Homemade Twix Bars
These outrageously delicious Homemade Twix Bars have a shortbread crust, a decadent layer of caramel, and chocolate glaze. The perfect way to satisfy your sweet tooth!
If you’re a Twix Bar fan, you’ll love having these gooey caramel bars for an unforgettable indulgence.
Why You Must Make
- Being someone who could just pour caramel sauce right into my mouth this layered caramel chocolate bar recipe was a no-brainer when it was time to find the perfect recipe for our annual cookie exchange.
- None of the steps in this recipe are difficult. The biggest challenge is cutting them into neat bars since the shortbread crust tends to crumble. But this only seems to be a problem when you need to take photos, not if you need to eat them!
- There’s the buttery shortbread base, the sweet and gooey caramel center, and a milk chocolate topping. Three textures, three flavors, and two thumbs up!
- Kitchen Staples – Sugar, Flour, Real Vanilla Extract
- Butter – Cold butter will make a better shortbread crust. Salted butter is fine.

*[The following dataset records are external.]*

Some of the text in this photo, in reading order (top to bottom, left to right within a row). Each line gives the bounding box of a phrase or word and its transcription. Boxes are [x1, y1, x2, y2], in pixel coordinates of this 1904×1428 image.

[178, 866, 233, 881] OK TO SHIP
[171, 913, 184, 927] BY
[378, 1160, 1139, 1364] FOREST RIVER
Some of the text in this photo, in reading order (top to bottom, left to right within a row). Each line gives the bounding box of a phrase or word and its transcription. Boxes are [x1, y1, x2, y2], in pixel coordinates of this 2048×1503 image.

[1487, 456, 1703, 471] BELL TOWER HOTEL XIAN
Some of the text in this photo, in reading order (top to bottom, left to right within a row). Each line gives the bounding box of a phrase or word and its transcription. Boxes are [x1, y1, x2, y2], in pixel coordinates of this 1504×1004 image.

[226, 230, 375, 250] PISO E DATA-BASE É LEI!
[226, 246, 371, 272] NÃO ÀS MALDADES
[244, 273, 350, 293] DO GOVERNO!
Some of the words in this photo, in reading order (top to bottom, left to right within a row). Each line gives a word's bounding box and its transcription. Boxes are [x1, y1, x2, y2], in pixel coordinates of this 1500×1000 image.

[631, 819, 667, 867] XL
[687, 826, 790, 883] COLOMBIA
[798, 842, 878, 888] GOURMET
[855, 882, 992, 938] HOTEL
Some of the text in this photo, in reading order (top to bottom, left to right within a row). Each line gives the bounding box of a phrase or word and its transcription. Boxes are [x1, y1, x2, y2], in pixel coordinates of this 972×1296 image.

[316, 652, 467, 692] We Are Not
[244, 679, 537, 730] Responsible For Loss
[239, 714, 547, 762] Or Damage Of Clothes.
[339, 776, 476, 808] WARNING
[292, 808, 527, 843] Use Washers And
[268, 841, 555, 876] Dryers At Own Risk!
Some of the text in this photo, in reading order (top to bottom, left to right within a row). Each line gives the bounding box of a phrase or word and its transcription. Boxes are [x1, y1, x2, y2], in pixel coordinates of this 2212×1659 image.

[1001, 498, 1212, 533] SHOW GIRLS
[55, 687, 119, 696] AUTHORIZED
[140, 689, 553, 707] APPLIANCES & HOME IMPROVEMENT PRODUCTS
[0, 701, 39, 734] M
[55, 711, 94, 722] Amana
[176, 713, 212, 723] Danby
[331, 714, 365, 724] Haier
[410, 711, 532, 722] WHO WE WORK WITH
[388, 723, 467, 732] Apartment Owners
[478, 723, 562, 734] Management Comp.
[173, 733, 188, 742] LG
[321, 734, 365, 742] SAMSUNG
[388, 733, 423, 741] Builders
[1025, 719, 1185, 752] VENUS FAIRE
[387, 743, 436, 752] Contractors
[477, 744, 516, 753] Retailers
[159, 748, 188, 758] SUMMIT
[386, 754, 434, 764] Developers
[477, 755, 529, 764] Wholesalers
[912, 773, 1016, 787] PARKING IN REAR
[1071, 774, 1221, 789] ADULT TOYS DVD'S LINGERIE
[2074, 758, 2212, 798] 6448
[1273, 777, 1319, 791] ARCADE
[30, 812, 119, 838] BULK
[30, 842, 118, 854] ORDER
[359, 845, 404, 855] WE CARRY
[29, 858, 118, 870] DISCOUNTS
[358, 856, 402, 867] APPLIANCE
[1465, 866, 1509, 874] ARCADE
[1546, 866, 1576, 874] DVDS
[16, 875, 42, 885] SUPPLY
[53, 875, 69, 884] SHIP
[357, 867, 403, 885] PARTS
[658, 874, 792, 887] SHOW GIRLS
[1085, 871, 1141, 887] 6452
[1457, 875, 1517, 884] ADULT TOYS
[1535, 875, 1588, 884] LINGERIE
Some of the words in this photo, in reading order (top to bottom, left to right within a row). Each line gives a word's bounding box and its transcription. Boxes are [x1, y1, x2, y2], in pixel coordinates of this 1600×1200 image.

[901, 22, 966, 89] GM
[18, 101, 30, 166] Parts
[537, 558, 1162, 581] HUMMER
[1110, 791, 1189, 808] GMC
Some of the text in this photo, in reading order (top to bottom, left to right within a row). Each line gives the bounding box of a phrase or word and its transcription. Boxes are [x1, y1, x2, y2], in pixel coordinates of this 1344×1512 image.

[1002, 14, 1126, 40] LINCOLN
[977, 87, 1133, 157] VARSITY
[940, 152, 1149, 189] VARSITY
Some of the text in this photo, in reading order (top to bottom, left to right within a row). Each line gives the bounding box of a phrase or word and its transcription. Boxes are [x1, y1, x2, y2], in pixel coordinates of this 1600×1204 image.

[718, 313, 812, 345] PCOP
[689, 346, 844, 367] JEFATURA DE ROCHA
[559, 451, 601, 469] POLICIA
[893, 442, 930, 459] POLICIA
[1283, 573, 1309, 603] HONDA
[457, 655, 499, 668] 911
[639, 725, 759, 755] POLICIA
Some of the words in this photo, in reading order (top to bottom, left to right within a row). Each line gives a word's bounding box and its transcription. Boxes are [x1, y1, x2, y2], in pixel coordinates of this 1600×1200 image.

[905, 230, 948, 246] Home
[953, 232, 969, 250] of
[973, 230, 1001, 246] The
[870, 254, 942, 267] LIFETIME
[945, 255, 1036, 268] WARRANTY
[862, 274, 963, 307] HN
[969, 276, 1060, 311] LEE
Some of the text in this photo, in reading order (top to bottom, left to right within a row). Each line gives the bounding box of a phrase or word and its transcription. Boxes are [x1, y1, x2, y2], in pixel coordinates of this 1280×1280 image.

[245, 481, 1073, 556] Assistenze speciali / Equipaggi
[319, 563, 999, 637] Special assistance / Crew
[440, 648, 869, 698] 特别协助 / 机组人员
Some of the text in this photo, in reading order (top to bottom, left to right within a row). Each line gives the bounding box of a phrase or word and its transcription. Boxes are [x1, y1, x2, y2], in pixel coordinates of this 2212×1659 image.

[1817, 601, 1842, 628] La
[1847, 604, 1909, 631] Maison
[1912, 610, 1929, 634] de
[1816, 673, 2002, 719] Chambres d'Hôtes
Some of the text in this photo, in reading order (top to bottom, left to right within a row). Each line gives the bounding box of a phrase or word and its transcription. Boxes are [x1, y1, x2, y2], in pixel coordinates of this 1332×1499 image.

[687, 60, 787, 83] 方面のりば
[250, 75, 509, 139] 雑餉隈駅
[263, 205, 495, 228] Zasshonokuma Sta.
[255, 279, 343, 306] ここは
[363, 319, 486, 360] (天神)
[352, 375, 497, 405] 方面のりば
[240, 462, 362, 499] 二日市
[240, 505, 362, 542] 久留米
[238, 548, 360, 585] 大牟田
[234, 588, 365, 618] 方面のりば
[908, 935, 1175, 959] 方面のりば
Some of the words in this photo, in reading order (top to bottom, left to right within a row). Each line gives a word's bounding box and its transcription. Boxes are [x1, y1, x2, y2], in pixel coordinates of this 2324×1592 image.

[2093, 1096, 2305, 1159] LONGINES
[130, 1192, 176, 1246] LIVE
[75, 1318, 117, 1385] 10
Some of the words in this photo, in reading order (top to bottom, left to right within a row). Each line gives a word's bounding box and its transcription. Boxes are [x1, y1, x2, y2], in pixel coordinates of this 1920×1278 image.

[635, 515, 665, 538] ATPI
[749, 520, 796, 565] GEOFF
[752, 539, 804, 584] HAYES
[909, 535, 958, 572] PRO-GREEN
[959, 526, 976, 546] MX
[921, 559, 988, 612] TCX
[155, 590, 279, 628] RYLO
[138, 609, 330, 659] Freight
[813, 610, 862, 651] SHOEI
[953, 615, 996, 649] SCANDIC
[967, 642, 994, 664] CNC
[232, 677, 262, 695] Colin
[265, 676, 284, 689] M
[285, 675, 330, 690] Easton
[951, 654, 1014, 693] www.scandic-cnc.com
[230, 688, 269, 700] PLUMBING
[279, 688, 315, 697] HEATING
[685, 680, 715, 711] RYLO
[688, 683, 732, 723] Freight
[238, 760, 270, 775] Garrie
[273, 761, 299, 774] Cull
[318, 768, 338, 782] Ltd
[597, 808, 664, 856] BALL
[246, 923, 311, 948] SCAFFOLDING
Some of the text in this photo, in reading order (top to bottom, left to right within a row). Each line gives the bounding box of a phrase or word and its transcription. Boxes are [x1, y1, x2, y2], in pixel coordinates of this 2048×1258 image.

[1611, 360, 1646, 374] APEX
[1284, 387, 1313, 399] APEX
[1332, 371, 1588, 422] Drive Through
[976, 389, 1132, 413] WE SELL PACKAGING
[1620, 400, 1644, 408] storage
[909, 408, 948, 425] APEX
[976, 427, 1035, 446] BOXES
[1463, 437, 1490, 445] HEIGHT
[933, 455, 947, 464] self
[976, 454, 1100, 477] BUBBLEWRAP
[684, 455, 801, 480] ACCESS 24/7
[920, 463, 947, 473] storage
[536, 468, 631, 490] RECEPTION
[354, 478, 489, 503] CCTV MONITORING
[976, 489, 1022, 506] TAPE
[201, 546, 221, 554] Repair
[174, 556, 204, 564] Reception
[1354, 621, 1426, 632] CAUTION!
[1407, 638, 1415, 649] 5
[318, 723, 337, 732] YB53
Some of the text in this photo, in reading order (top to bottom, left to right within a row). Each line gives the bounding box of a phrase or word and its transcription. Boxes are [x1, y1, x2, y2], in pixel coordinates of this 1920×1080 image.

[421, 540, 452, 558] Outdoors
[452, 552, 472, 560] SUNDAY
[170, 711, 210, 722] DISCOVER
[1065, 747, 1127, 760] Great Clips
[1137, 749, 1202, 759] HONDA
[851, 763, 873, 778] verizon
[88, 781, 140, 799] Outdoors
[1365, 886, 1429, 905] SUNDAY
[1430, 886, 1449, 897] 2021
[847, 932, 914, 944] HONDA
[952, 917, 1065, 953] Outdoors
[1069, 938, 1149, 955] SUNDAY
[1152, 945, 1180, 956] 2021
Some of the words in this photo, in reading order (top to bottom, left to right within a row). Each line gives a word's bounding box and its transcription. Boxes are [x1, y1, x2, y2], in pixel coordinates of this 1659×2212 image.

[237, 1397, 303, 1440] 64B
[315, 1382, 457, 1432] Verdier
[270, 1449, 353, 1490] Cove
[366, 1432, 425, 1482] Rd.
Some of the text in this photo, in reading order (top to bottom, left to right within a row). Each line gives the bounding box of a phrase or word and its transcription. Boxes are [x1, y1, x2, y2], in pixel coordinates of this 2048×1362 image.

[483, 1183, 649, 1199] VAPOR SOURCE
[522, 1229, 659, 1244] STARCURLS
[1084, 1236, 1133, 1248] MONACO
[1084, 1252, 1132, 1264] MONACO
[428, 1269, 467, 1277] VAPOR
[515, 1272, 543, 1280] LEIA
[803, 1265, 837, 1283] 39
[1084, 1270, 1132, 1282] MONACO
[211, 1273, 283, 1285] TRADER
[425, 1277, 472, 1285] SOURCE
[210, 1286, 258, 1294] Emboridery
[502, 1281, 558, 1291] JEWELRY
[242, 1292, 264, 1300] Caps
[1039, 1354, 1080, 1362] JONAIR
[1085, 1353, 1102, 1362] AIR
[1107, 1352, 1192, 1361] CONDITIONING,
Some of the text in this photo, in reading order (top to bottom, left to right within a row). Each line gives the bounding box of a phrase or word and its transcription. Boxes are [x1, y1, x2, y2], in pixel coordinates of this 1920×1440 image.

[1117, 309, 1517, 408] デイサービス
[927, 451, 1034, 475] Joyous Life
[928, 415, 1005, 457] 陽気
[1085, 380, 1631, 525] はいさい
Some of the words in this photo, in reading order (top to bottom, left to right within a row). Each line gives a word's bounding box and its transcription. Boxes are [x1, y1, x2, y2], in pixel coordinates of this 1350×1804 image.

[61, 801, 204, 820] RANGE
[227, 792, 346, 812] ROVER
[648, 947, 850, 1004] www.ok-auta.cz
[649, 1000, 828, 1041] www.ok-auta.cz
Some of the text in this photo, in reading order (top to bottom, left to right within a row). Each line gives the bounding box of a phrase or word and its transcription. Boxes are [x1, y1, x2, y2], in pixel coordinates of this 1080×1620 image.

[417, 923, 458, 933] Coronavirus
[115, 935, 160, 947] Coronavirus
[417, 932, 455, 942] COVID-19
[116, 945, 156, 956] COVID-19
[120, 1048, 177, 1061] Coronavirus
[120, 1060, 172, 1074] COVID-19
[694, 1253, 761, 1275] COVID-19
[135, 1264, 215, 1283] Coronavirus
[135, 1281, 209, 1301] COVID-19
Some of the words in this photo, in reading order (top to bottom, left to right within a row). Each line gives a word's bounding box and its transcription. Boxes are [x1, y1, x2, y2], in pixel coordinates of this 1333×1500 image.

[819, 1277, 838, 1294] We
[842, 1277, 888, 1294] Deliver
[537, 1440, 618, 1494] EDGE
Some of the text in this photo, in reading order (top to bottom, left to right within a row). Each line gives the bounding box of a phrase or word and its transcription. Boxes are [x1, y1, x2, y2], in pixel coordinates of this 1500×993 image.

- Werther’s Original Chewy Caramels – I prefer these over Kraft caramels, unwrapped of course!
- Heavy Cream – Will help make a rich caramel layer
- Milk Chocolate – I used Ghirardelli Bars but chocolate chips are an alternative
- Vegetable Shortening – optional, I used to make the chocolate topping more glossy
How to Make
There are three layers in these bars, so three main steps.
- First, using either a pastry blender or a food processor, make the shortbread crust.
- Press the crust onto the bottom of the baking pan and bake. PRO-Tip: Line your baking pan with nonstick foil for easy removal from the pan for slicing (use the foil as a sling) and to prevent the caramel from sticking to the pan.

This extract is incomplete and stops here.